Tuesday, February 15, 2011

Search for truth goes on

Seán Ó Sé
Ógra Shinn Féin
UCC Martin Hurson Cumann
(originally printed in UCC Motley magazine)

The past is a different country. Last Sunday as I marched from Creggan to Free Derry corner this is a phrase that came back to me. 39 years ago the very route that I was walking, ordinary people, no different from you or me, were shot down by British soldiers. 39 years on and the memory of Bloody Sunday still haunts the city of Derry. Most of the barbed wire is gone. There are no longer slurs of 'paddy' being hurled by camouflaged men with cockney accents. However the ghosts of that occupied city still abound.




















The entire six counties are very different place today to what they were in 1972. Internment had just been introduced which rounded up Catholics like cattle and imprisoned them without trial. Many of those interned were active members of the civil rights movement. This was on top of treatment that the nationalist community received from a government dominated by members of the Orange Order. Catholics were discriminated against when it came housing, education and voting.

The situation came to a head when nationalist began to organise themselves into a civil rights group and were beaten of the street by a sectarian police force, the RUC, and the paramilitary police reserves, the B-Specials. This sparked a resistance from the nationalist community from which the IRA emerged.

The family of those killed on that infamous Sunday in 1972 were forced to wait until June last year to receive any form of apology from the British government for what had happened to their loved ones. A report was published in April 1972 by Lord Widgery which absolved the British soldiers of all blame for what happened on Bloody Sunday. The Widgery report blamed the civil rights protestors for what had happened and attempted to blacken the name of those who were killed. This was particularly harrowing for the families of the deceased.

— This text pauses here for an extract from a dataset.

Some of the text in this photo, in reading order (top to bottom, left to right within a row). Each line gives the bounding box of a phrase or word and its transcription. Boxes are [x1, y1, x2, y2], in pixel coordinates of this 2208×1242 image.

Bloody Sunday is but one example of British cover-ups and whitewashes of events that have happened in Ireland. One such event was the murder of well known human rights lawyer Pat Finucane. The Stevens Report published in 2003 admitted that there had been collusion with police and the loyalist paramilitaries in the killing. The loyalists were given the information they needed and were allowed to carry out the killing without fear of prosecution.

The families of those killed in the Ballymurphy massacre are now campaigning for an inquiry into the deaths of their loved ones. In August 1971 eleven innocent people were killed in the Ballymurphy area by British soldiers roaming the streets. One of those killed was a priest giving the last rites to one of the slain. Another was Francis Quinn who had come to the aid of a wounded man. No British soldier was ever brought to account for these killings and the families have never received any form of recognition from the British government.

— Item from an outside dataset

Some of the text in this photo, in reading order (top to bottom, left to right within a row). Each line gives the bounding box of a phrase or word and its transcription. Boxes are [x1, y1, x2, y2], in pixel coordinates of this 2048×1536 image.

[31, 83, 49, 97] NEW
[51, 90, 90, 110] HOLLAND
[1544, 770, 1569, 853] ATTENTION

There are countless more injustices that were carried out at the hands of the British authorities all over Ireland. Thankfully we now live in a time of peace and reconciliation. There have been trojan efforts on both sides of the community divide to bring those formerly in conflict, together. Former loyalist paramilitaries and former members of the IRA have come together in many community projects and in many areas work together for the aid of their respective communities. However the British government has still many questions to answer about its role in the troubles. They have still to come forward and explain their role in killings right across this country. Until they do many families still are haunted by the ghosts of the past.